His actions tantamount to scuttling the project, says Rytanga Samakhya president
TDP president N. Chandrababu Naidu on Thursday drew sharp criticism from the Andhra Pradesh Rytanga Samakhya for his stand on the Indirasagar Project vis-à-vis allotment of tenders. Addressing a media conference here, the samakhya president Maganti Sitarama Swamy found fault with Mr. Naidu writing to the Chief Minister seeking cancellation of tenders called for the project in the wake of allegations of TRS president K. Chandrasekhara Rao having stakes in the contract.
It was quite unfortunate that Mr. Naidu was playing into the hands of Telangana people while allegedly ignoring the irrigation interests of the farmers from the Seemandhra region for his political survival. His action amounted to scuttling of the project, Mr. Sitarama Swamy said. He said the Samakhya has decided to enlist the support from all political parties for early completion of the project beyond political considerations.

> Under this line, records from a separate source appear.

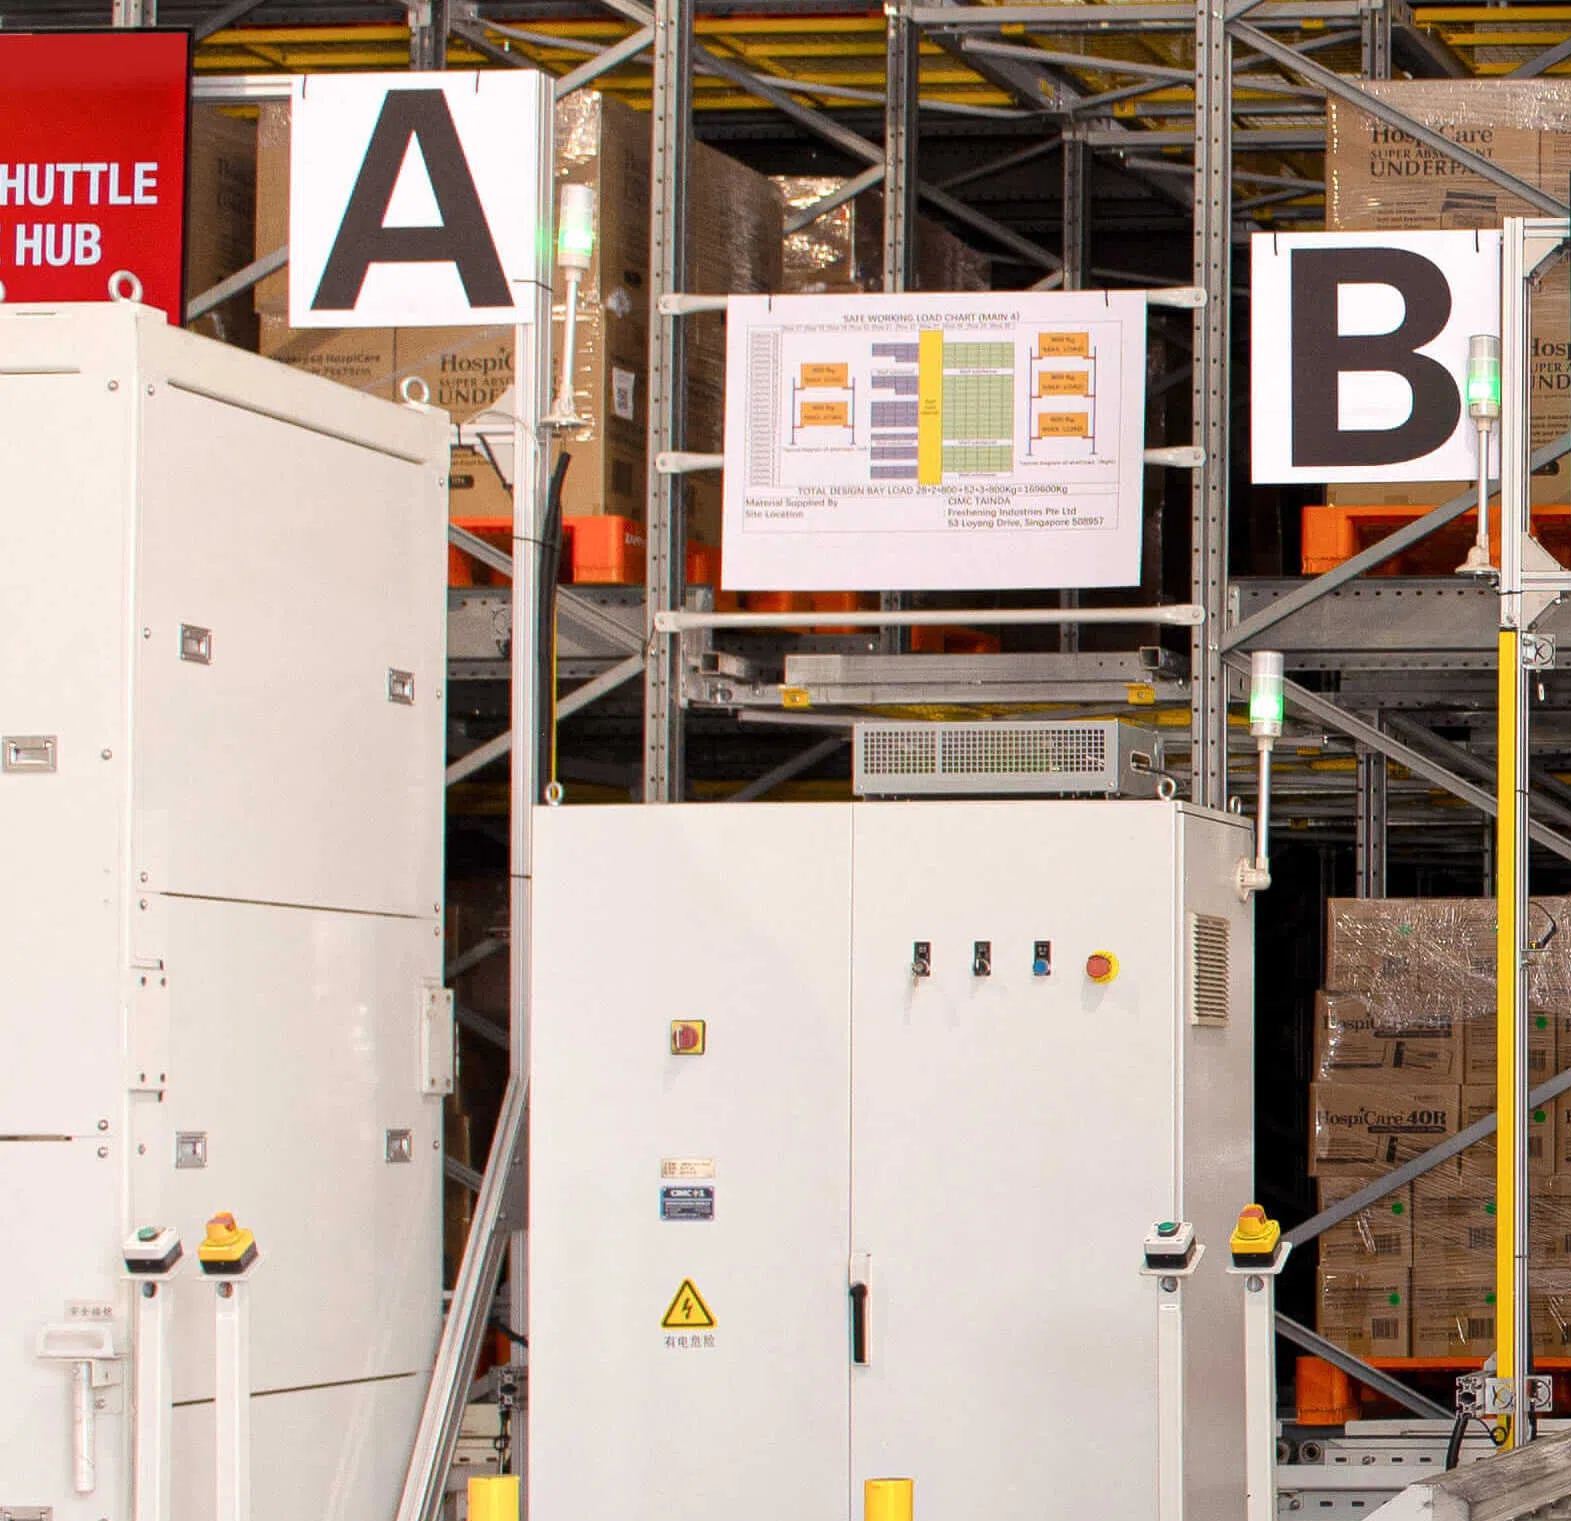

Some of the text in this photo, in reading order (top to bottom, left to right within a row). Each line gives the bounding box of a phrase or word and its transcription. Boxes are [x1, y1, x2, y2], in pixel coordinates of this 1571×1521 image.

[1370, 159, 1476, 177] UNDERPA
[310, 88, 514, 311] A
[15, 223, 102, 267] HUB
[843, 313, 866, 323] SAFE
[867, 312, 914, 323] WORKING
[916, 312, 943, 323] LOAD
[944, 312, 976, 322] CHART
[1290, 247, 1462, 467] B
[798, 486, 828, 496] TOTAL
[745, 497, 784, 507] Material
[786, 497, 825, 508] Supplied
[745, 509, 762, 519] Site
[1406, 1110, 1447, 1125] 40R

Recalling the government's move to reduce the ayacut in the Godavari delta in the rabi by 50 per cent in view of the dwindling water levels in the Godavari river, Mr. Sitarama Swamy said the situation of this sort could be averted if water was impounded by way of constructing the dam across the river. Yerneni Nagendranath, honoury president of the samakhya expressed serious concern over the UPA's ‘step-motherly' attitude towards paddy growers in revising the minimum support price for paddy.
Substantiating his charge, Mr. Nagendranath recalled that the government had hiked the MSP for wheat by Rs. 160 while effecting a nominal increase of Rs. 80 for paddy.
He criticised Union Minister for Agricultural Sharad Pawar for his reported observation that it was not possible to implement the recommendations of the Swaminadhan Commission with regard to fixation of minimum support price for paddy. Citing a letter written by the minister to the Consortium of Indian Farmers Associations (CIFA), Mr. Nagendranadh said it was unfortunate for Mr. Pawar to comment that “Prescribing an increase of at least 50 per cent on (cultivation) cost (as recommended by the Swaminadhan Commission) may distort market”. In the letter, the minister stated that the recommendations of the Swaminadhan Commission were not accepted by the government on the ground that the MSP was recommended by the Commission for Agricultural Price and Cost (CACP) basing on `objective criteria and considering variety of relevant factors'.